**Instructions for the task**
Your task is to reproduce the listing exactly, without its images.

########################################

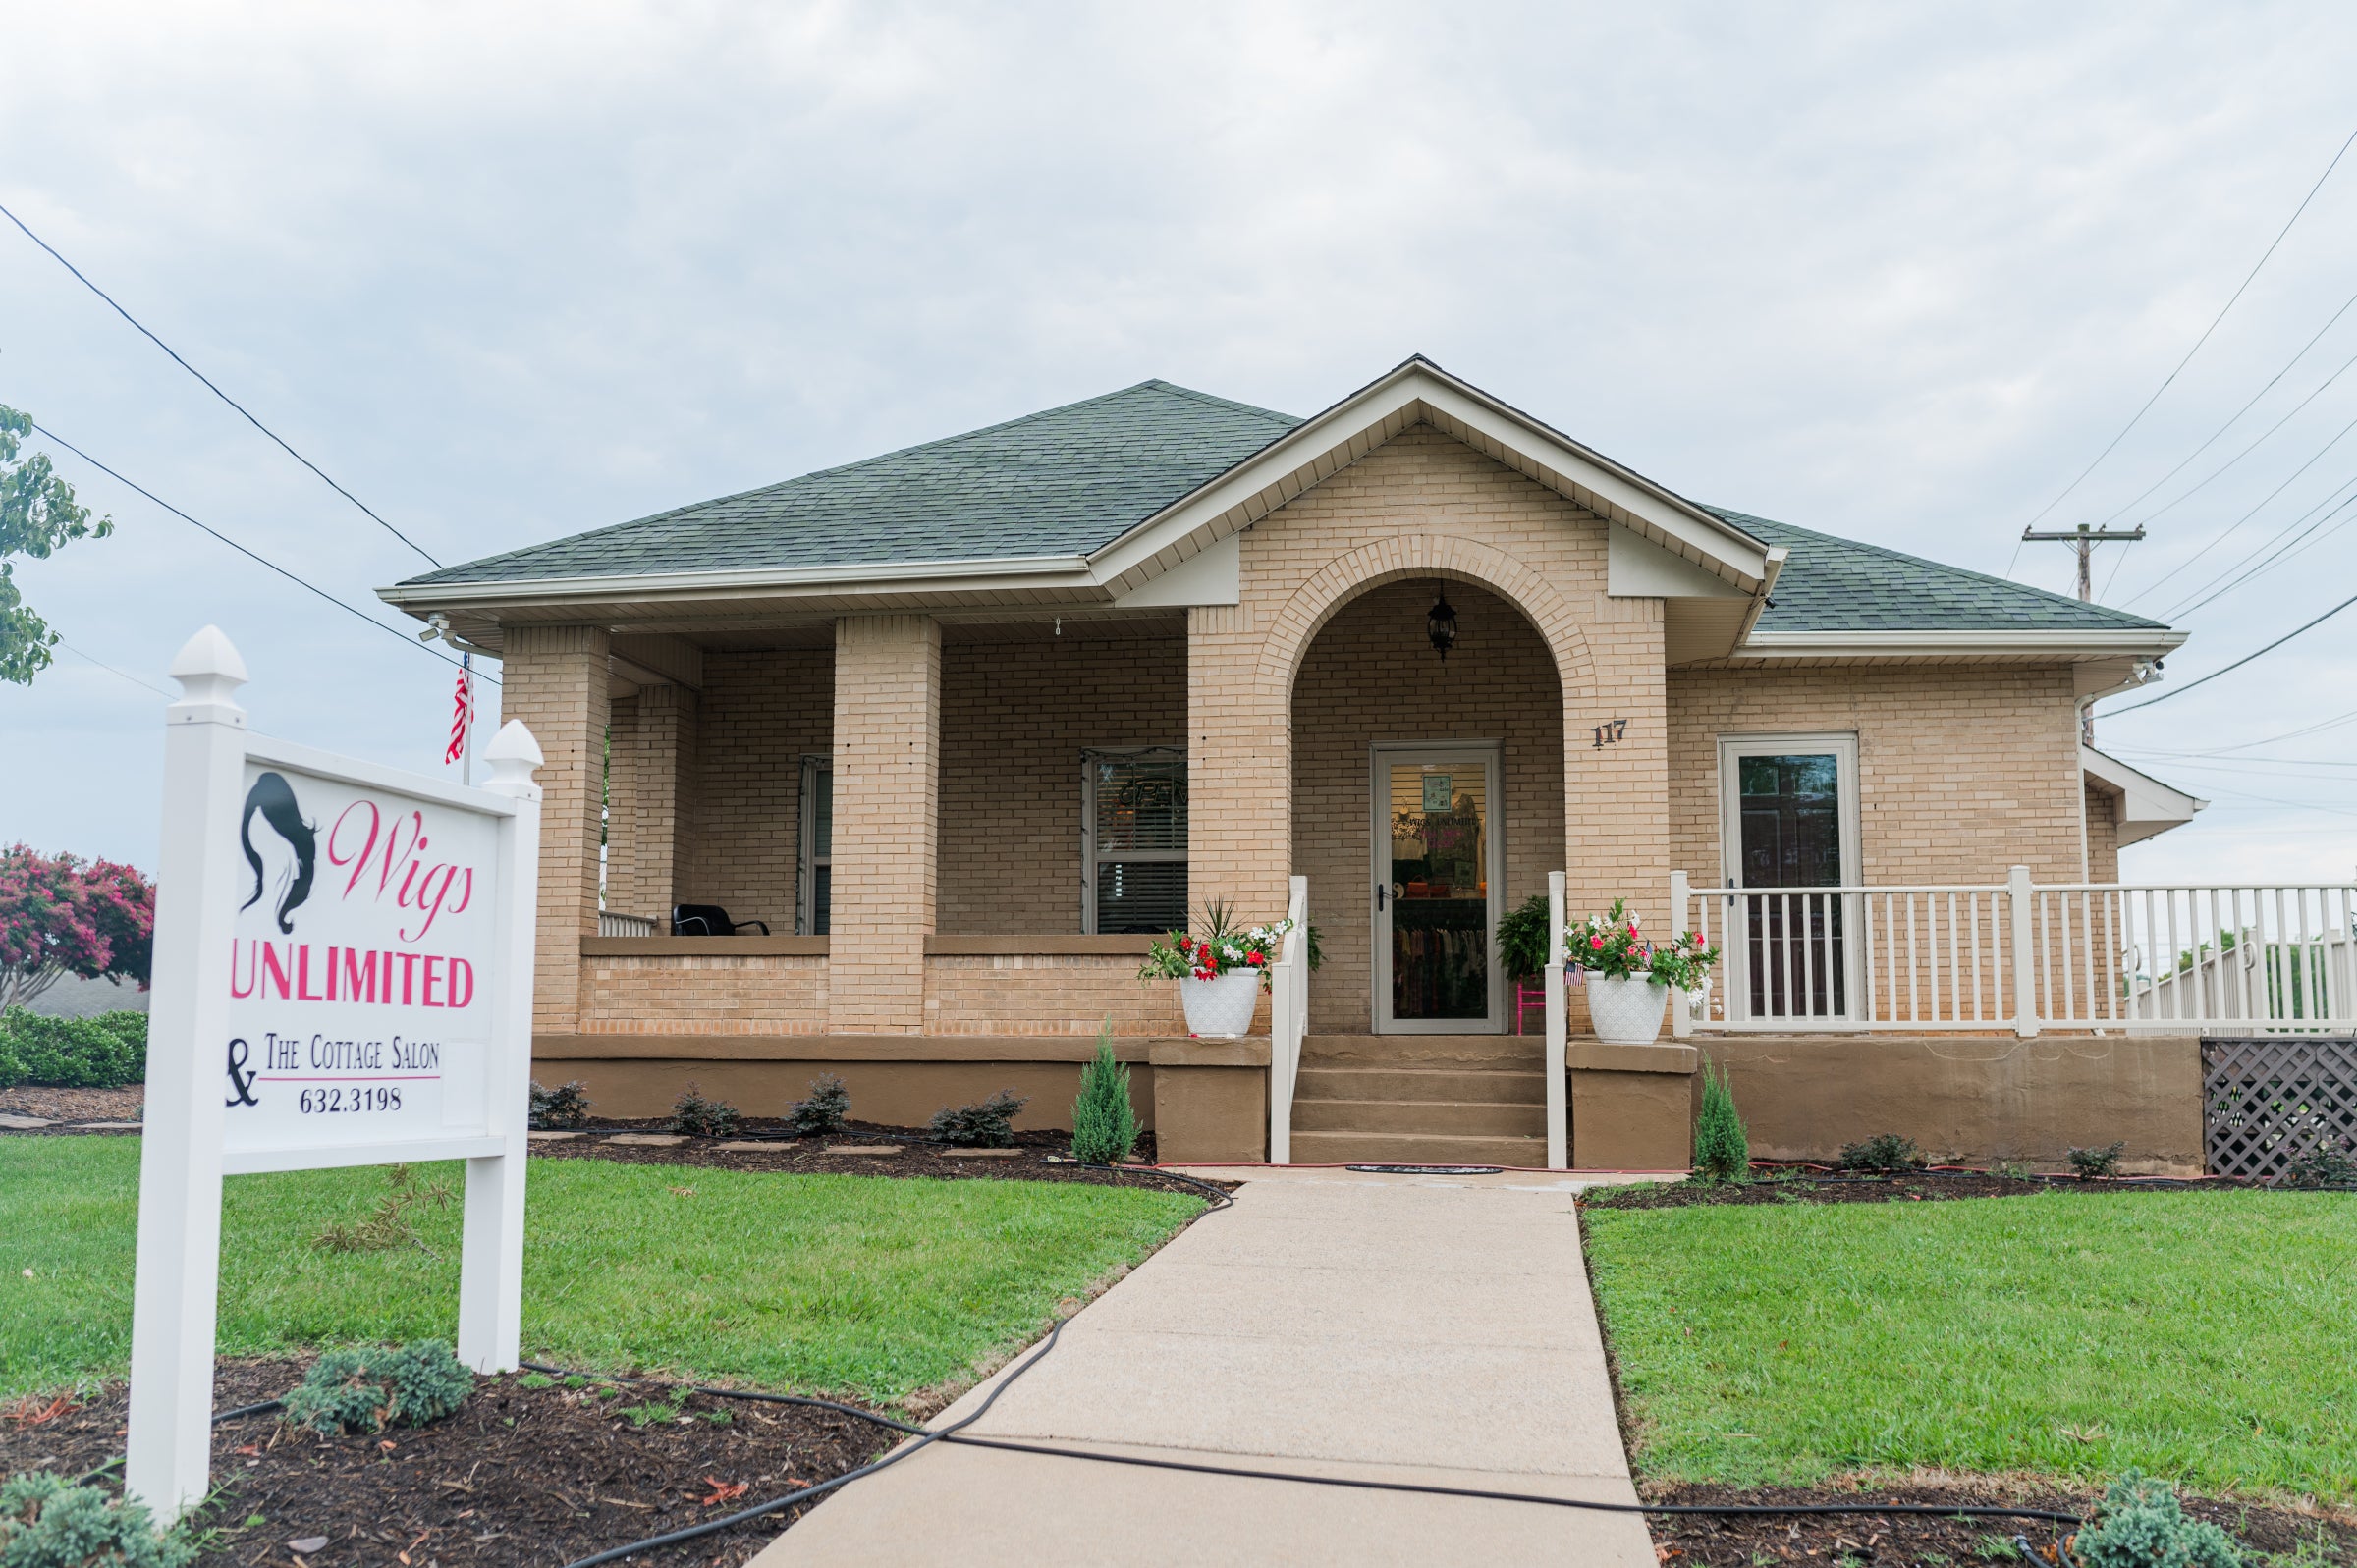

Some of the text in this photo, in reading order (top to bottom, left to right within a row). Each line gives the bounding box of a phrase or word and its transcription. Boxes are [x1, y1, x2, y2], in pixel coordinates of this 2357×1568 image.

[1590, 720, 1627, 747] 117
[1120, 782, 1189, 805] OPEN
[328, 800, 473, 943] Wigs
[231, 938, 474, 1008] UNLIMITED
[265, 1033, 440, 1070] THE COTTAGE SALON
[226, 1038, 259, 1107] &
[300, 1087, 403, 1114] 632.3198
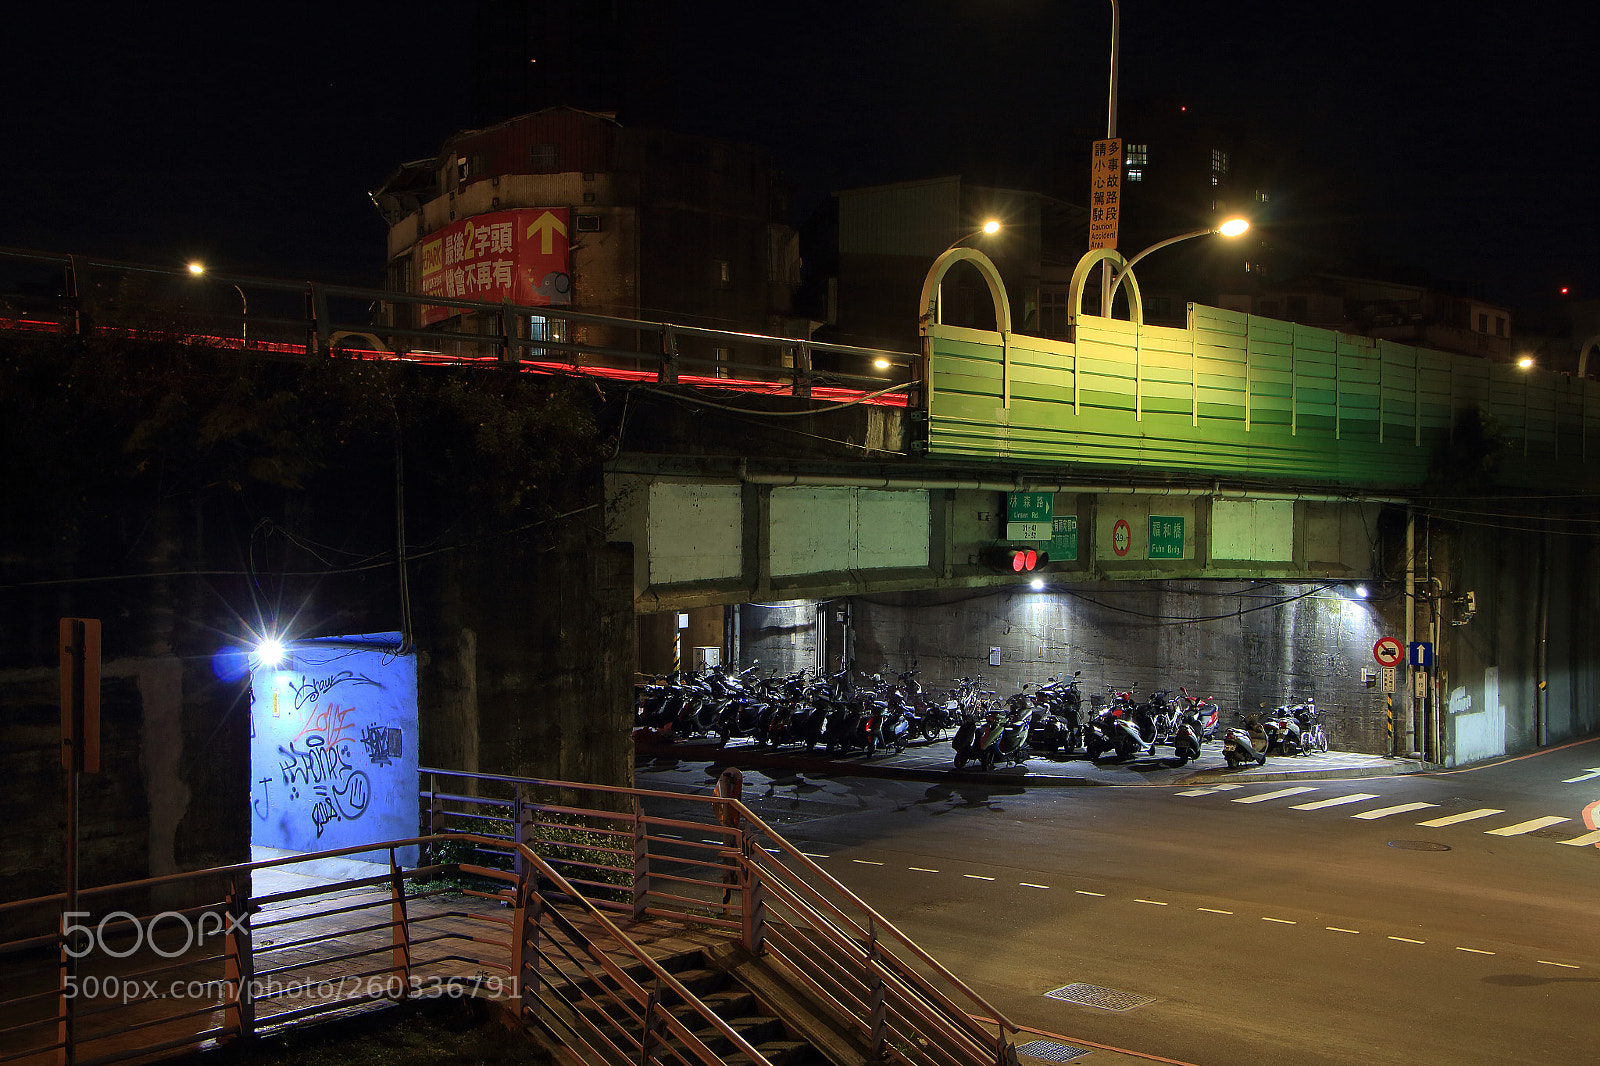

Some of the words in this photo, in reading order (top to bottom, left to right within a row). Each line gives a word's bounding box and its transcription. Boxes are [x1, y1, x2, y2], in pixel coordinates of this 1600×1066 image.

[1092, 142, 1107, 222] 請小心駕駛
[1106, 141, 1119, 221] 多事故路段
[445, 221, 513, 265] 最後2字頭
[1091, 230, 1116, 240] Accident
[1091, 241, 1104, 249] Area
[445, 258, 514, 298] 機會不再有
[1010, 494, 1044, 509] 林森路
[1152, 521, 1182, 539] 福和橋
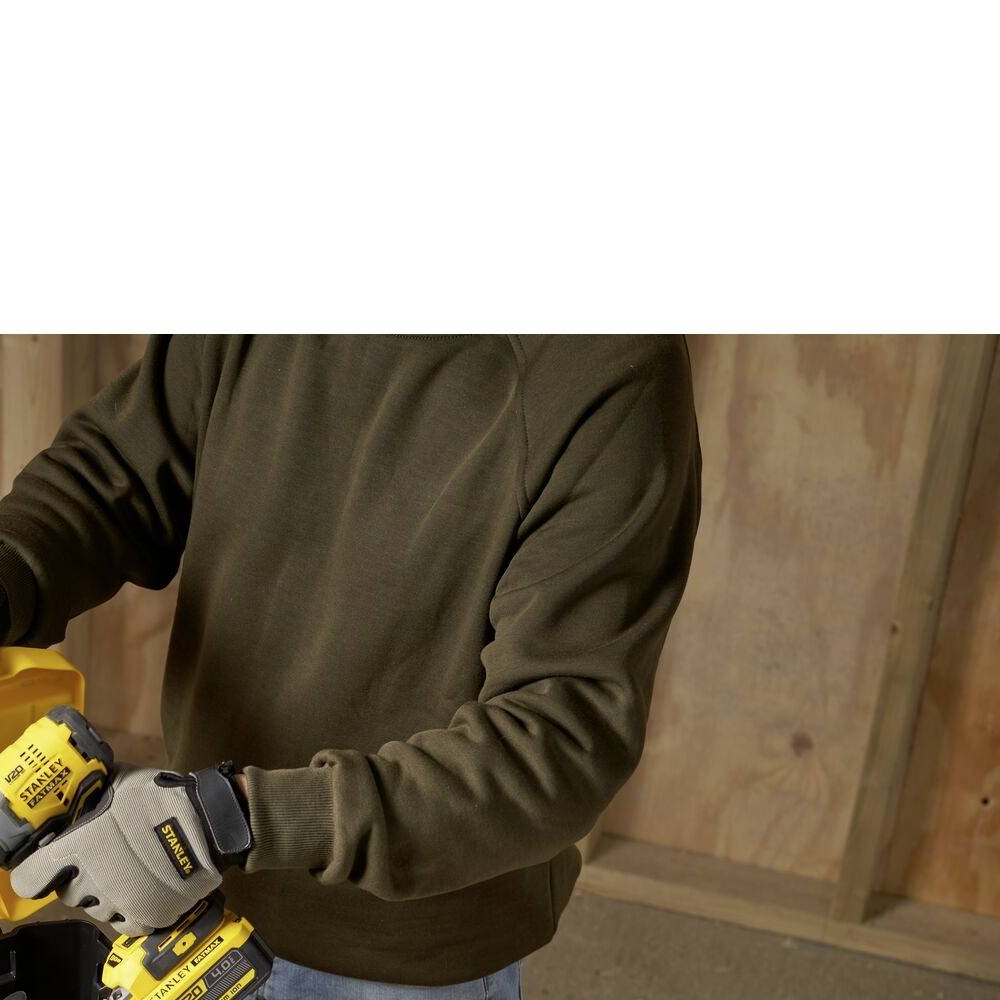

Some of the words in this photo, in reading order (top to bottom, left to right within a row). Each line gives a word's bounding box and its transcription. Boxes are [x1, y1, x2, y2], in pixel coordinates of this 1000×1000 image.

########################################

**Problem solution**
Some of the text in this photo, in reading order (top to bottom, left to right within a row). Each line gives the bounding box of a phrase or word and its transcription. Boxes are [x1, y1, x2, y2], in pixel coordinates of this 2357×1568 image.

[1590, 720, 1627, 747] 117
[1120, 782, 1189, 805] OPEN
[328, 800, 473, 943] Wigs
[231, 938, 474, 1008] UNLIMITED
[265, 1033, 440, 1070] THE COTTAGE SALON
[226, 1038, 259, 1107] &
[300, 1087, 403, 1114] 632.3198

Some of the words in this photo, in reading order (top to bottom, left to right within a row). Each line gives a word's bounding box and its transcription. Boxes are [x1, y1, x2, y2], in pixel coordinates of this 1600×1066 image.

[1092, 142, 1107, 222] 請小心駕駛
[1106, 141, 1119, 221] 多事故路段
[445, 221, 513, 265] 最後2字頭
[1091, 230, 1116, 240] Accident
[1091, 241, 1104, 249] Area
[445, 258, 514, 298] 機會不再有
[1010, 494, 1044, 509] 林森路
[1152, 521, 1182, 539] 福和橋

Some of the words in this photo, in reading order (top to bottom, left to right within a row). Each line gives a word's bounding box and its transcription. Boxes are [x1, y1, x2, y2], in pixel coordinates of this 1000×1000 image.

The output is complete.